Indian bridge player (born 2008)

Anshul Bhatt (born October 2008) is a bridge player from Mumbai, India. He won three gold medals — in Pairs, Teams, and Overall Performance — at the 7th World Youth Transnational Bridge Championships held in Salsomaggiore Terme, Italy, in 2022.

== Early life and education ==
Bhatt was born in October 2008 in Mumbai, India.
He studied at Bombay Scottish School and later joined Dhirubhai Ambani International School, Mumbai.

Bhatt was introduced to card games by his grandparents at the age of four. He later trained with Indian player Keyzad Anklesaria and Canadian coach Eric Kokish.

== Bridge career ==
Bhatt played his first tournament at the Indian Gymkhana in Mumbai in 2016.

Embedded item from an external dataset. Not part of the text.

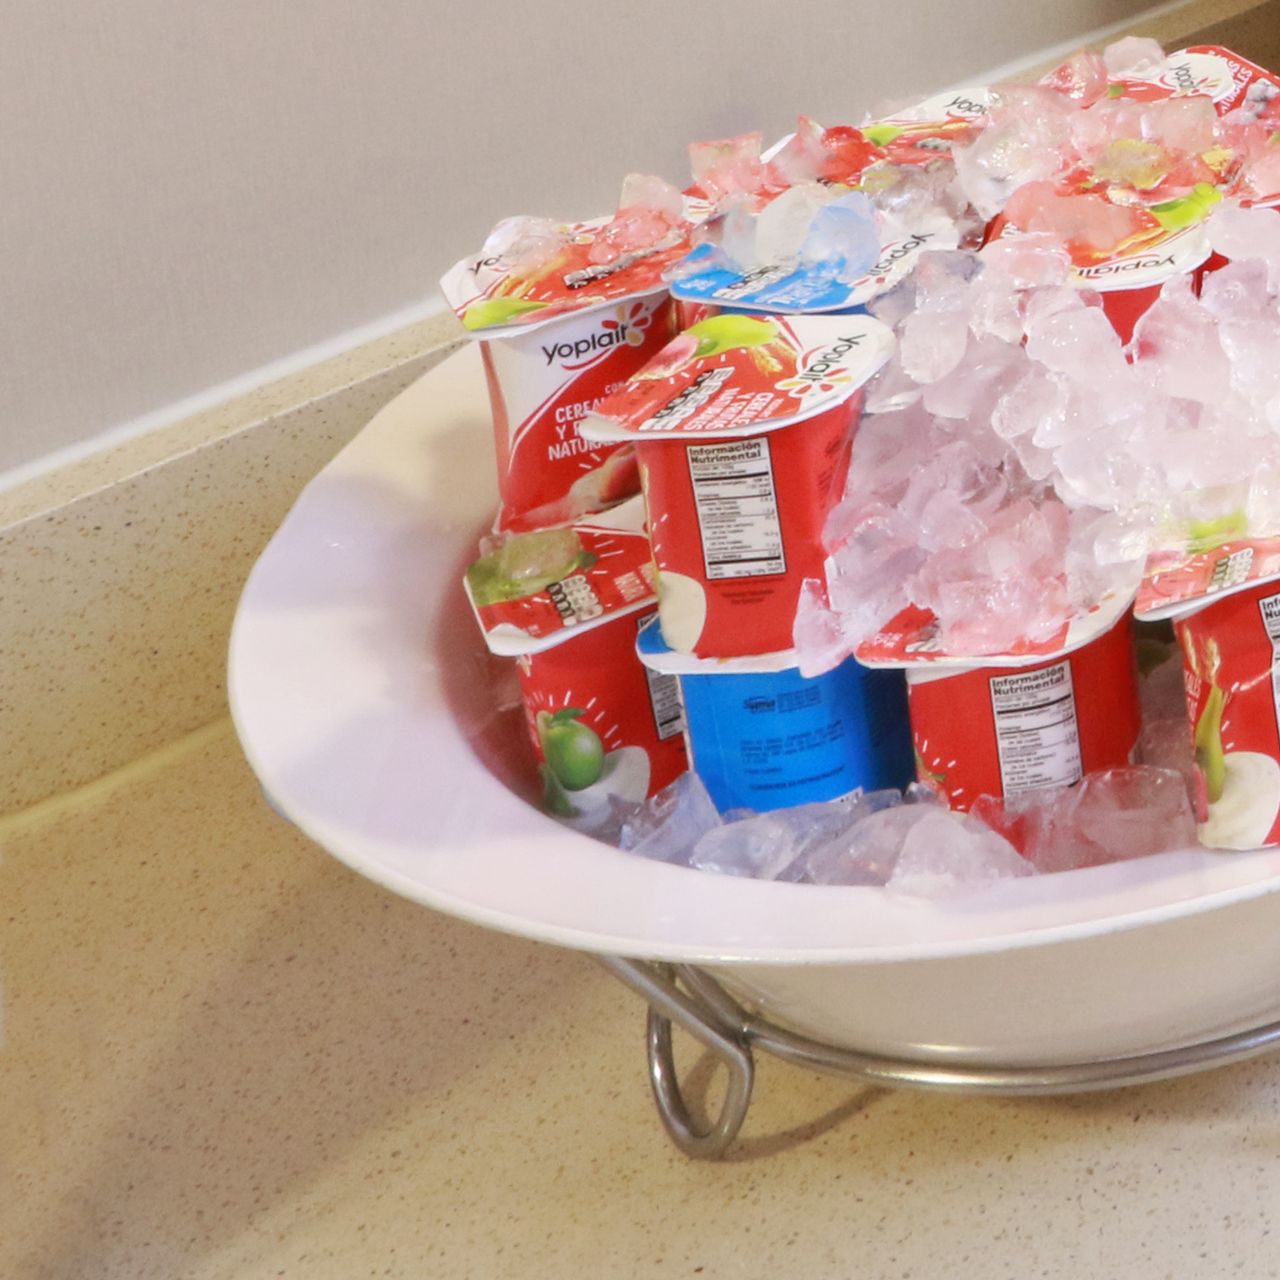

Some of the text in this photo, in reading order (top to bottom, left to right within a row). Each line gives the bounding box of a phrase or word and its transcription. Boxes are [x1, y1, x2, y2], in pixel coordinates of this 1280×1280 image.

At the 5th World Youth Bridge Championships in Lyon, France (2017), he was the youngest participant, carried the flag at the opening ceremony, and won the Joan Gerard Award for fair play and sportsmanship.

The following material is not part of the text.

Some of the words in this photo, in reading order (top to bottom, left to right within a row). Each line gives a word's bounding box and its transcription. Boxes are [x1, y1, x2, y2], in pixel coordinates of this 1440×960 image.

He competed in Opatija, Croatia (2019), and returned at the 7th World Youth Transnational Championships in Salsomaggiore Terme, Italy (2022). There, he won gold medals in the U-16 Pairs (with Canadian partner Darwin Li), in the Teams event as captain of Team Blitz (with Li, Albert Pedmanson, and Jasper Vahk), and also secured the Overall gold medal for best performance. Furthermore, Bhatt participated in the 9th World Youth Transnational Champions in Hefei, China (2026), winning the bronze medal in the U-31 Teams as a member of Team India, partnering with Sushari Sayantan and teaming with Shubham Acharya, Surajit Bar, Vidhya Patel, and Sagnik Roy.

In December 2022, Bhatt was named joint Personality of the Year by the International Bridge Press Association.

Bhatt has also competed in the HCL International Bridge Championship, one of the richest bridge tournaments globally.

In March 2023, Bill Gates, also a bridge enthusiast, met Bhatt in Mumbai and publicly praised him.

== Awards and honours ==
Bhatt received the Joan Gerard Award at the World Youth Bridge Championships in Lyon in 2017. He went on to win three gold medals at the World Youth Transnational Championships in Salsomaggiore in 2022. In the same year, he was named Personality of the Year by the International Bridge Press Association.